Ever since I was young, I always loved “antique maps”, whether of the entire world or a region or to illustrate an event. The maps in our family Bible fascinated me and I’d trace my fingers along the paths of Paul’s missionary trips as much as those of ancient Judea.
These days, one of the ways that fascination still manifests itself for me is in dungeon maps. Infrequently, I draw them myself; more commonly, I collect them. Some come from r/battlemaps, or even from Pinterest and Imgur. Those sites help me find mappers whose work I like and want to support. Sometimes I even find something I can use in a game…
Here are some I wanted to highlight. I’ve chosen to link to their Patreons in the hopes that, if you like them too, you might support them so they can keep producing their art. For clarity, I have no association with any of these folks other than purchasing their products or supporting them on Patreon.
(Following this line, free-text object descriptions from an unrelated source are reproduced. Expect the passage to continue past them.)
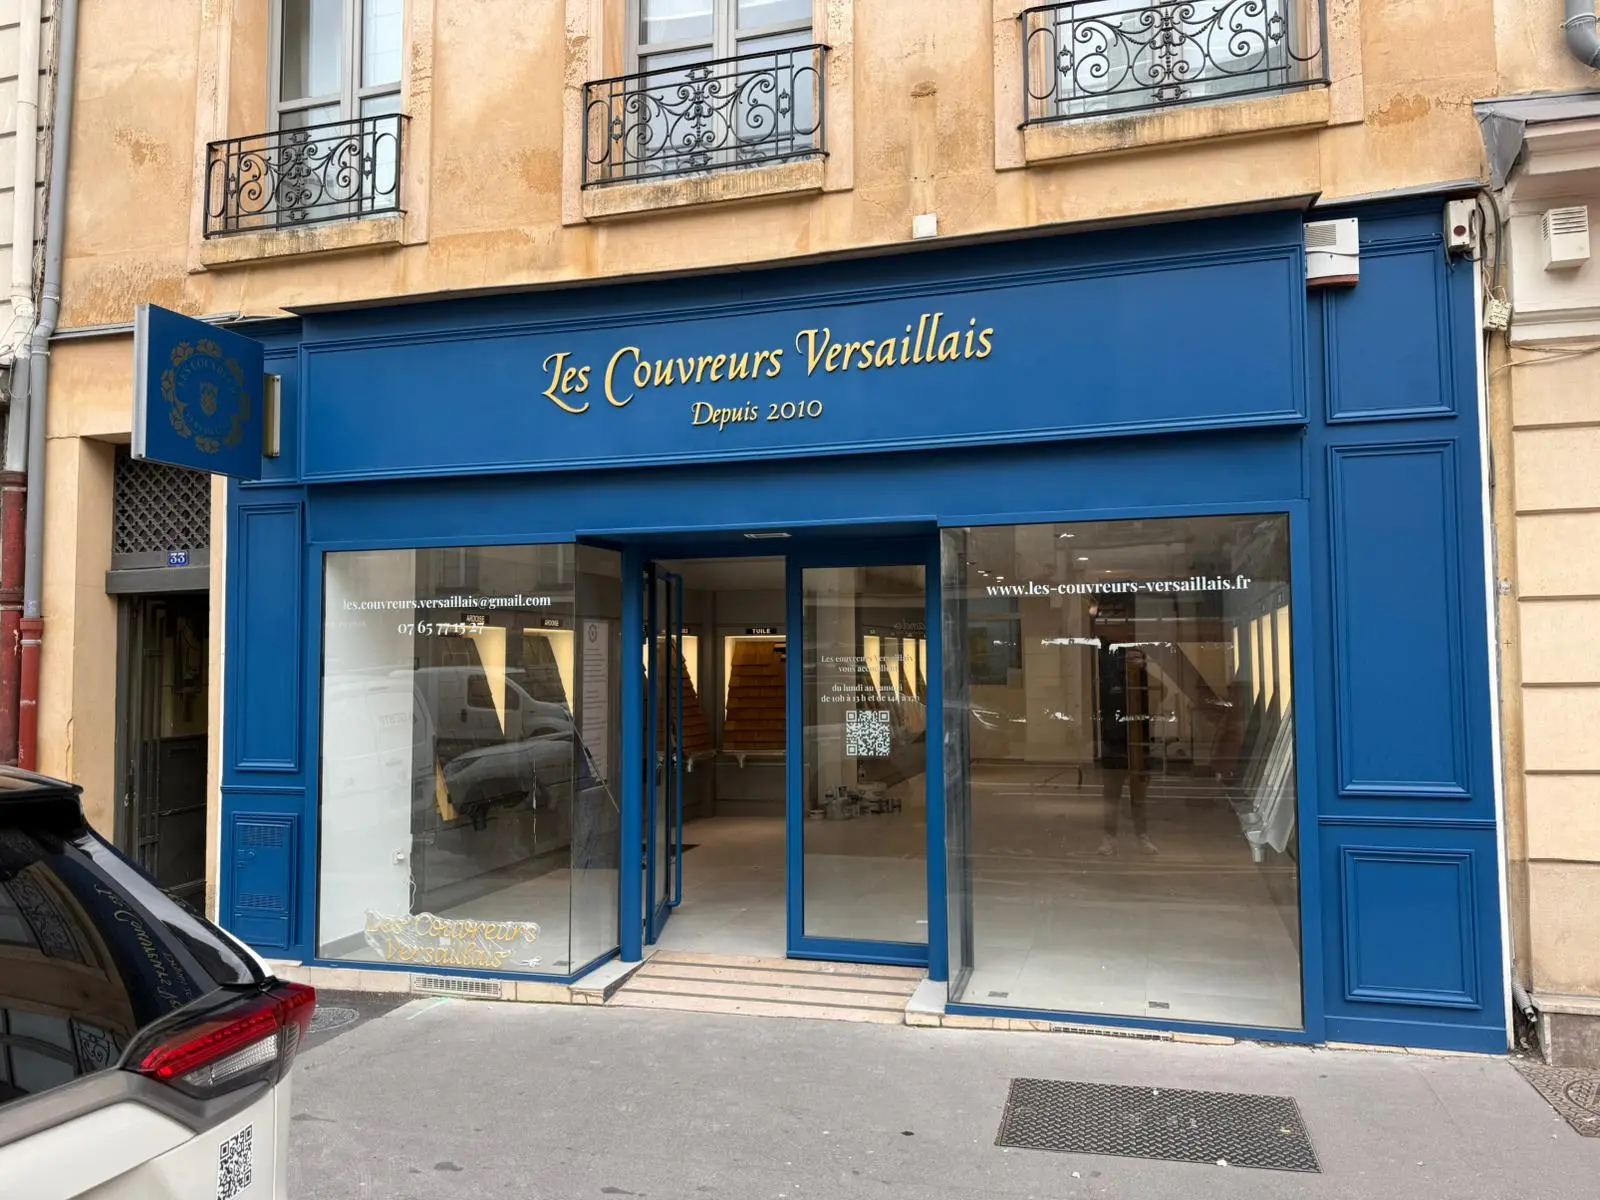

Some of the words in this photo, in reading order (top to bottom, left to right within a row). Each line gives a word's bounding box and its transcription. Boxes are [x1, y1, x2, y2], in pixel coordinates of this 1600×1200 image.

[541, 351, 591, 414] Les
[604, 346, 784, 407] Couvreurs
[795, 312, 995, 377] Versaillais
[691, 401, 758, 432] Depuis
[766, 399, 823, 421] 2010
[170, 552, 185, 564] 33
[986, 574, 1252, 596] www.les-couvreurs-versaillais.fr
[343, 594, 551, 610] les.couvreurs.versaillais@gmail.com
[398, 623, 414, 636] 07
[417, 620, 433, 636] 65
[436, 623, 451, 635] 77
[415, 912, 540, 942] Couvreurs
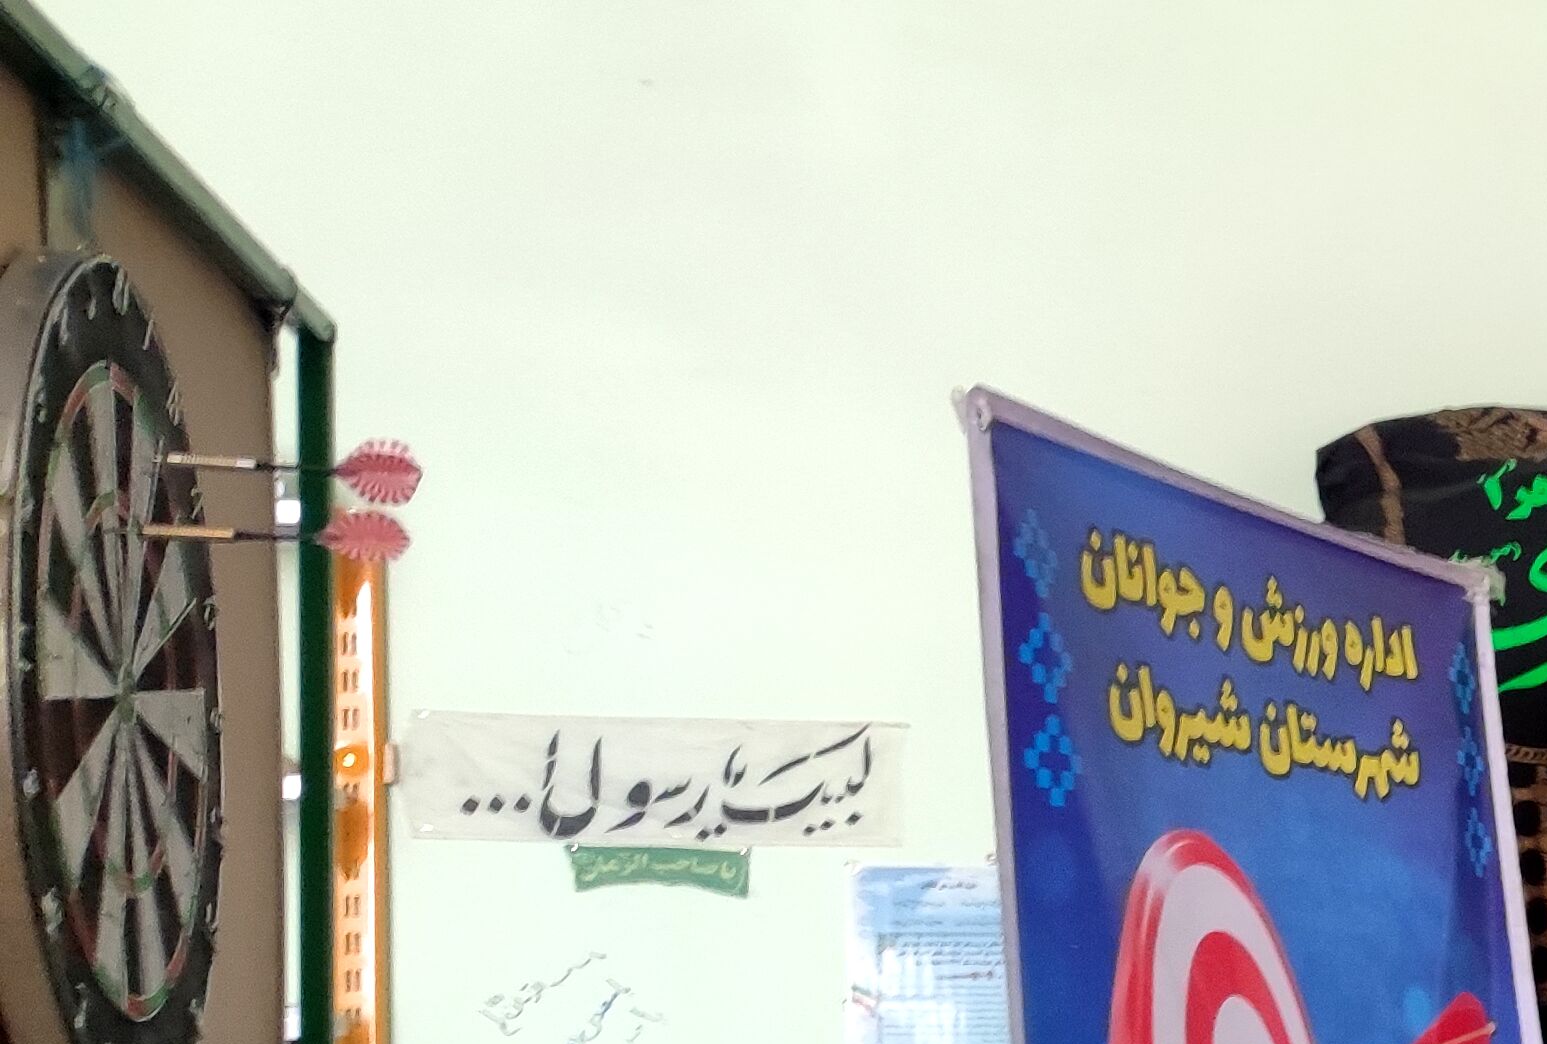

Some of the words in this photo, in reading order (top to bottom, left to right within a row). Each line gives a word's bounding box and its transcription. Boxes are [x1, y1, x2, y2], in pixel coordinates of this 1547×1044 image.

[1080, 527, 1206, 640] جوانان
[1213, 585, 1234, 651] و
[1241, 576, 1338, 680] ورزش
[1344, 614, 1418, 691] اداره
[1108, 663, 1252, 765] شیروان
[1259, 703, 1421, 801] شهرستان
Of course, lots of other artists do wonderful work – if you have some other suggestions I should check out, please mention them below! I expect to do another post like this in the future because so many other folks are doing really great work too.
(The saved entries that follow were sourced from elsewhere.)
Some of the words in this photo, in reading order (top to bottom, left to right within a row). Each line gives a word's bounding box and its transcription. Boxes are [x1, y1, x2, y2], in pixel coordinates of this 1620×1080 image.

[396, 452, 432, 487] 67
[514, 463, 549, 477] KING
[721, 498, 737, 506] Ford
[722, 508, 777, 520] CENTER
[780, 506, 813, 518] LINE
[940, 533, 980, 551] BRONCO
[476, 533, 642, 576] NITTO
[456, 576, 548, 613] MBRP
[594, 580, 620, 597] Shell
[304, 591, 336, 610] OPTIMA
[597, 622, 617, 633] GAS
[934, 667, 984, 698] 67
Dyson Logos: You’ve seen his work if you’ve spent almost any time at all reading RPG blogs. And with the publication of Waterdeep: Dragon Heist, he’s reaching a much wider audience than ever. Dyson’s work strips away much of the pretense and focuses on gameable art that still inspires. As his linework has evolved, it has become more evocative as well. And his library is so extensive that you are almost guaranteed to find something that meets a particular need for your game. (Honestly, I could write a whole post about all the ways I love his work…)
Elven Tower: Another artist who has progressed over the years, Derek Ruiz has become a formidable talent. I first found his work when looking for maps of Forgotten Realms locations to organize my Adventurers League games. While he still provides this material via the DMs Guild, you’d be doing yourself a disservice by not reviewing his entire map vault. Much of his work comes with a background adventure that you can use directly at the table or just as inspiration.
Dark Realm Maps: Toby is something of an up-and-comer, plus he does map commissions for tattoos! While his style reminds me of Dyson’s, you’d be mistaken to think he’s just another mapper who likes crosshatching. The somewhat more naturalistic style of the illustration and the black-and-white palette combine to create an old-school feel that makes for a useful approach you and your players will enjoy.
Blue Sword Games: Caeora has so much talent as an illustrator that I get tremendously excited every time an update notification shows up. He has an eye for color that makes his maps really pop! In addition to battlemaps, he produces quite a few world maps and tokens, with a strong emphasis on planar adventure. He’s working on managing this success, which is a testament to how hard he works and how much people love his maps.
Jared Blando: His maps have graced several of the official 5e books, including Hoard of the Dragon Queen, Out of the Abyss, and Volo’s Guide to Monsters. (among others). The new book Strongholds & Followers from Matt Colville also has Blando’s work. Jared has so much detail that sometimes I think I need a loupe to appreciate it all! His style has helped define 5e at least as much as Mike Schley’s has. I can never get enough.